Khan escaped from a Taleban jail in the southern city of Kandahar last year and fled to Iran, from where he joined forces of Ahmad Shah Mas’ood and the Uzbek Commander Rashid Dostom.
Their strategy would be to spread the militia's forces in the west, center, north and the northeast to prevent a concentrated strategic thrust like the one which routed the opposition in Baghlan province last year, he said.
Dostam, a former communist general, has been active in the south of northern Balkh province, but Khan had not shown his hand until Monday night's surprise attack.

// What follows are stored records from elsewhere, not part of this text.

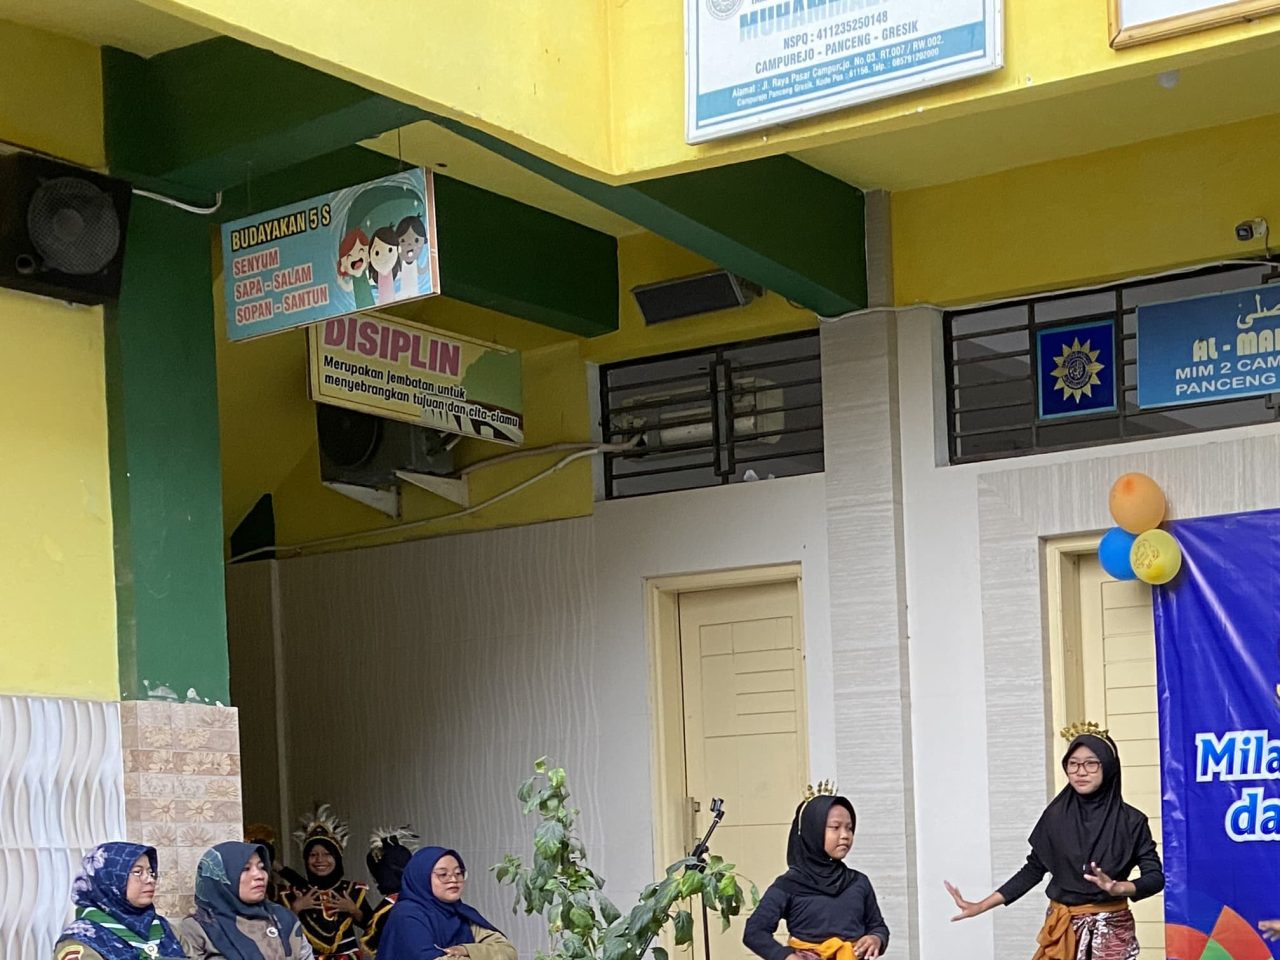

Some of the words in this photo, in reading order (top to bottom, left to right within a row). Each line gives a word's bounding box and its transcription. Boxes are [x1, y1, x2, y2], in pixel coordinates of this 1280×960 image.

[816, 10, 888, 40] 411235250148
[755, 48, 815, 74] CAMPUREJO
[826, 33, 871, 57] PANCENG
[882, 20, 918, 40] GRESIK
[732, 84, 756, 98] Alamat
[772, 76, 789, 88] Raya
[791, 71, 810, 83] Pasar
[231, 211, 306, 252] BUDAYAKAN
[309, 207, 318, 229] 5
[321, 204, 331, 225] S
[234, 249, 279, 276] SENYUM
[235, 278, 263, 300] SAPA
[274, 265, 312, 290] SALAM
[236, 301, 272, 324] SOPAN
[284, 286, 328, 312] SANTUN
[324, 317, 460, 377] DISIPLIN
[1192, 337, 1218, 362] AL
[323, 355, 383, 381] Merupakan
[437, 384, 466, 400] untuk
[1175, 364, 1214, 380] MIM
[1220, 362, 1232, 374] 2
[1175, 372, 1277, 396] PANCENG
[325, 375, 409, 403] menyebrangkan
[413, 393, 444, 411] tujuan
[448, 401, 469, 417] dan

Omar Samad of the Washington –based Afghan Azadi Radio (AAR) reported Tuesday that Esma’il Khan, former governor of Afghanistan's western province of Herat and a famed commander from the anti-Soviet occupation era, has set up several anti-Taleban resistance strongholds in remote "liberated regions" in his former fiefdom in Afghanistan, in anticipation of increased fighting in the weeks to come.
In his first interview since his return to Afghanistan - following his daring escape from a Taliban prison in March 2000 – Esma’il Khan told the AAR from a base in the central Ghor province, that military resistance and co-ordination against the Pakistani-backed Taleban have improved in several districts in Badghis, Ghor and Herat provinces over the past few months.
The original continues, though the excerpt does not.